Write out the entries exactly, leaving out every picture.

——————

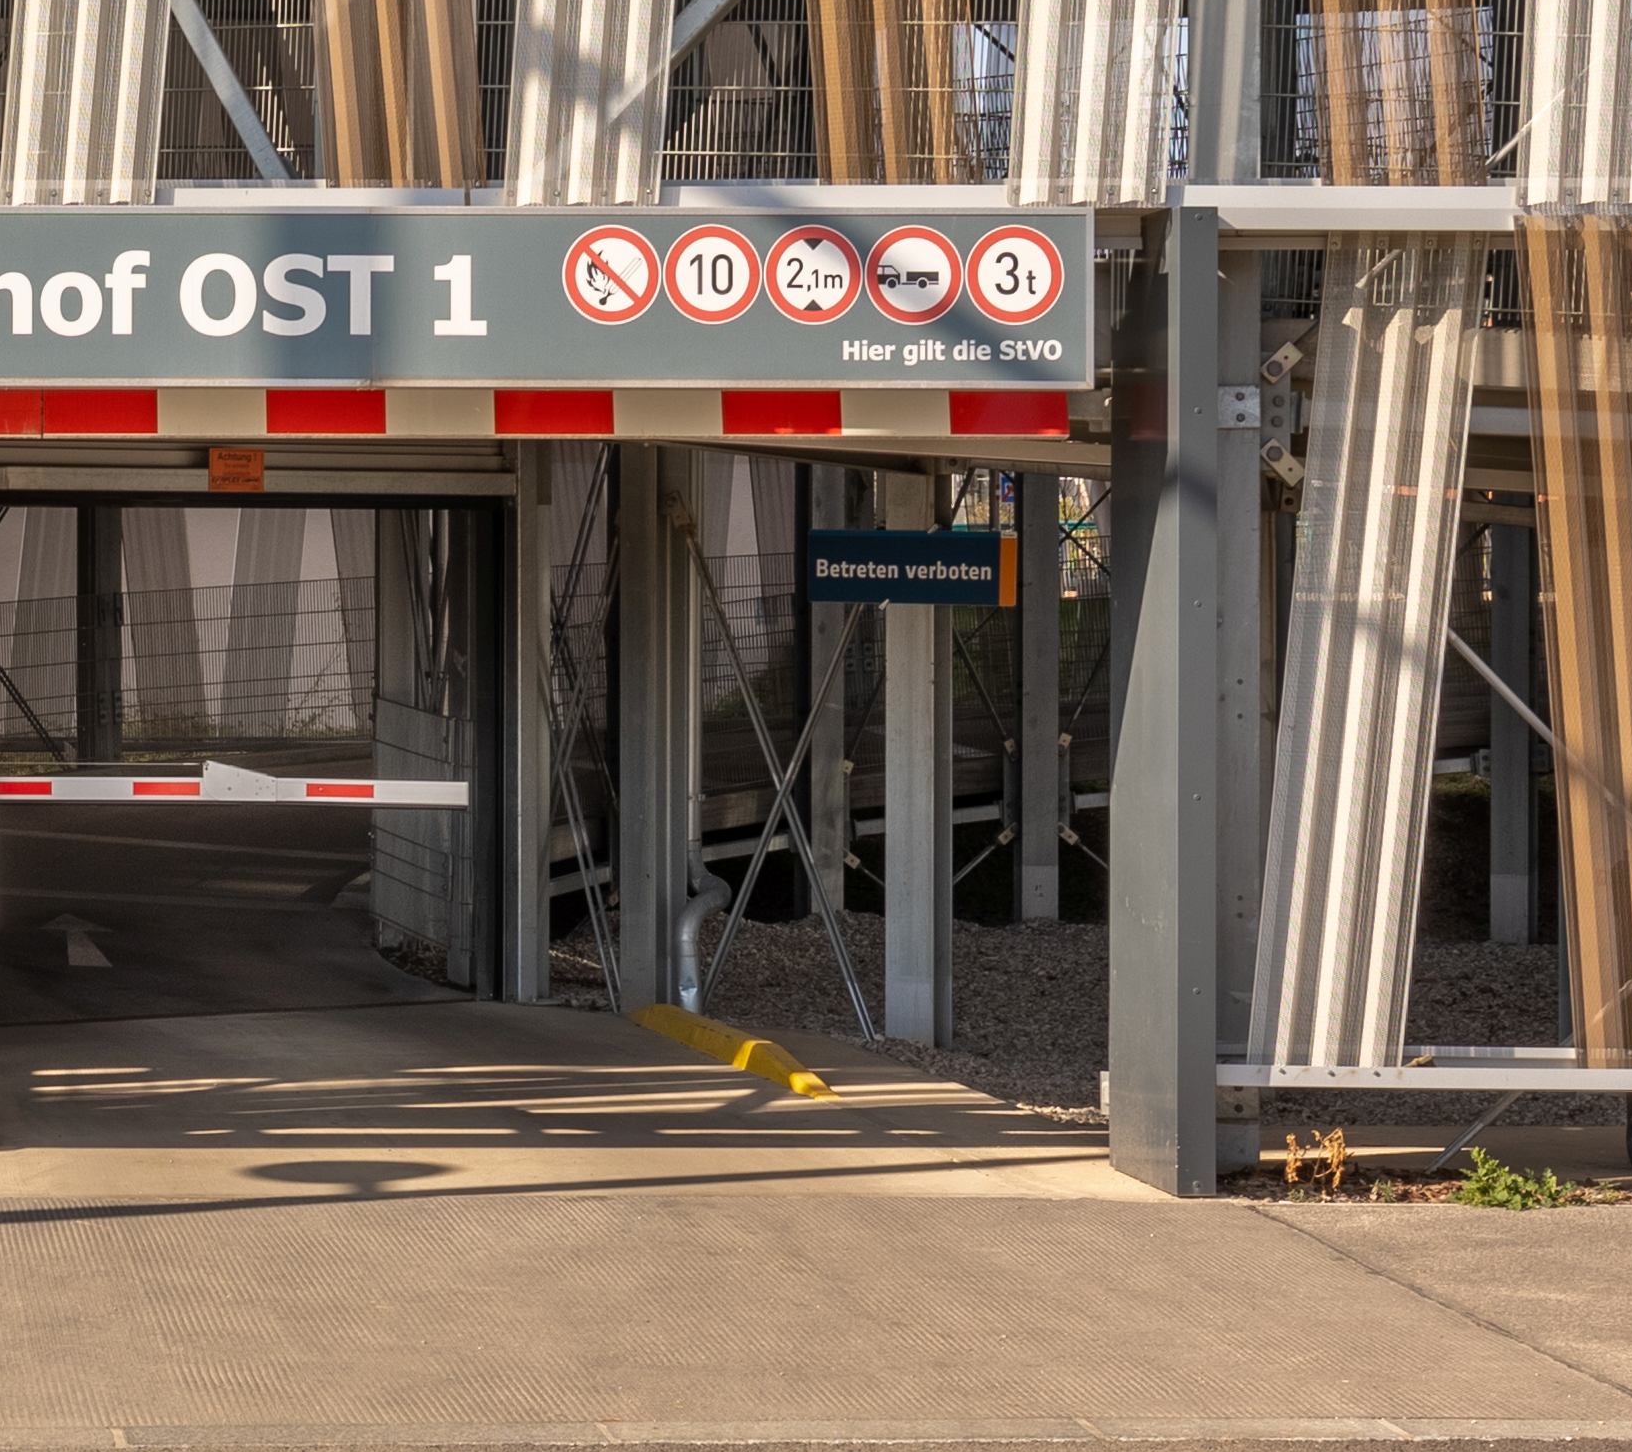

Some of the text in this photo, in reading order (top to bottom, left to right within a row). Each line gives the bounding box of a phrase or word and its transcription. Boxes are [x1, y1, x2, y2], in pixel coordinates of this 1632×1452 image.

[689, 254, 734, 295] 10
[179, 252, 394, 338] OST
[434, 254, 488, 336] 1
[842, 340, 1062, 366] Hier gilt die StVO
[816, 559, 992, 580] Betreten verboten
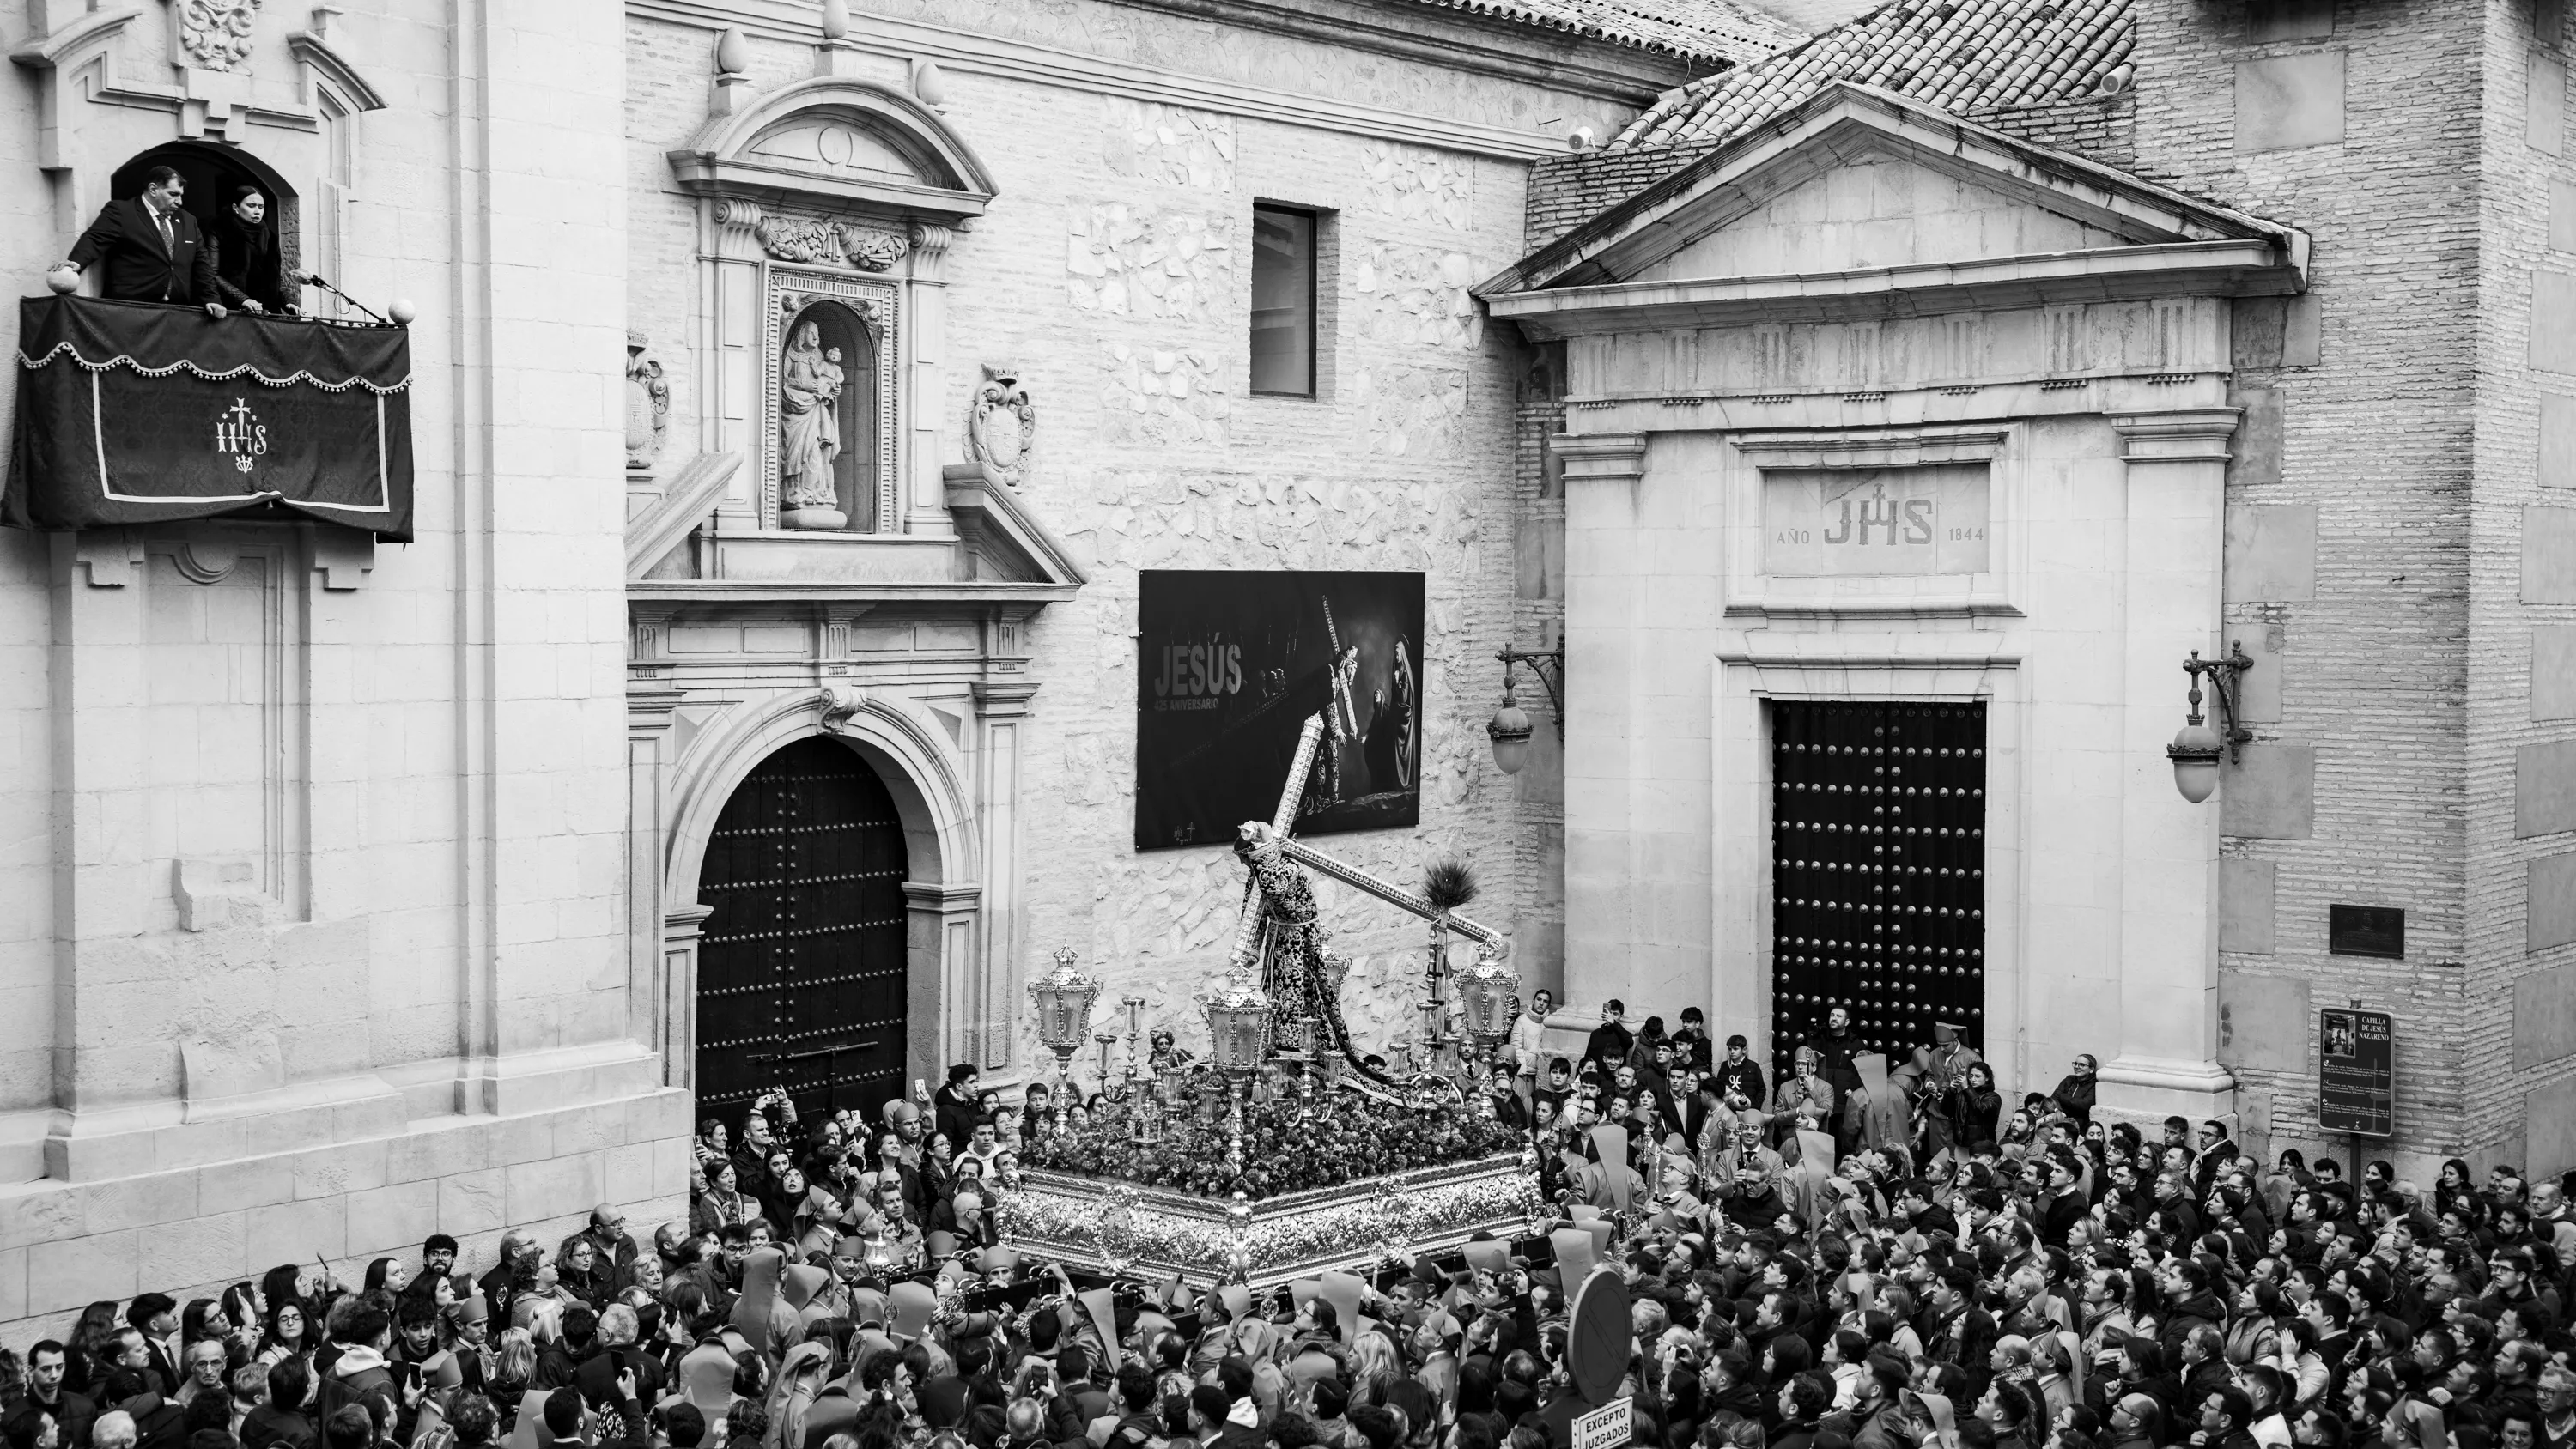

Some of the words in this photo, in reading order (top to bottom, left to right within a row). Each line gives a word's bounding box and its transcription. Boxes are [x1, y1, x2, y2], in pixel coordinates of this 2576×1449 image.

[1777, 528, 1810, 544] AÑO
[1824, 494, 1933, 545] JHS
[1949, 527, 1984, 541] 1844
[1154, 632, 1242, 697] JESÚS
[1154, 700, 1168, 712] 425
[1169, 698, 1218, 711] ANIVERSARIO
[2361, 1016, 2386, 1026] CAPILLA
[2370, 1024, 2386, 1034] JESÚS
[2359, 1032, 2390, 1041] NAZARENO
[1586, 1408, 1625, 1433] EXCEPTO
[1584, 1423, 1629, 1449] JUZGADOS

——————

■ RESPONSE TO THIS TASK
Some of the text in this photo, in reading order (top to bottom, left to right within a row). Each line gives the bounding box of a phrase or word and its transcription. Boxes are [x1, y1, x2, y2], in pixel coordinates of this 1632×1452 image.

[689, 254, 734, 295] 10
[179, 252, 394, 338] OST
[434, 254, 488, 336] 1
[842, 340, 1062, 366] Hier gilt die StVO
[816, 559, 992, 580] Betreten verboten

Some of the words in this photo, in reading order (top to bottom, left to right within a row). Each line gives a word's bounding box and its transcription. Boxes are [x1, y1, x2, y2], in pixel coordinates of this 2576×1449 image.

[1777, 528, 1810, 544] AÑO
[1824, 494, 1933, 545] JHS
[1949, 527, 1984, 541] 1844
[1154, 632, 1242, 697] JESÚS
[1154, 700, 1168, 712] 425
[1169, 698, 1218, 711] ANIVERSARIO
[2361, 1016, 2386, 1026] CAPILLA
[2370, 1024, 2386, 1034] JESÚS
[2359, 1032, 2390, 1041] NAZARENO
[1586, 1408, 1625, 1433] EXCEPTO
[1584, 1423, 1629, 1449] JUZGADOS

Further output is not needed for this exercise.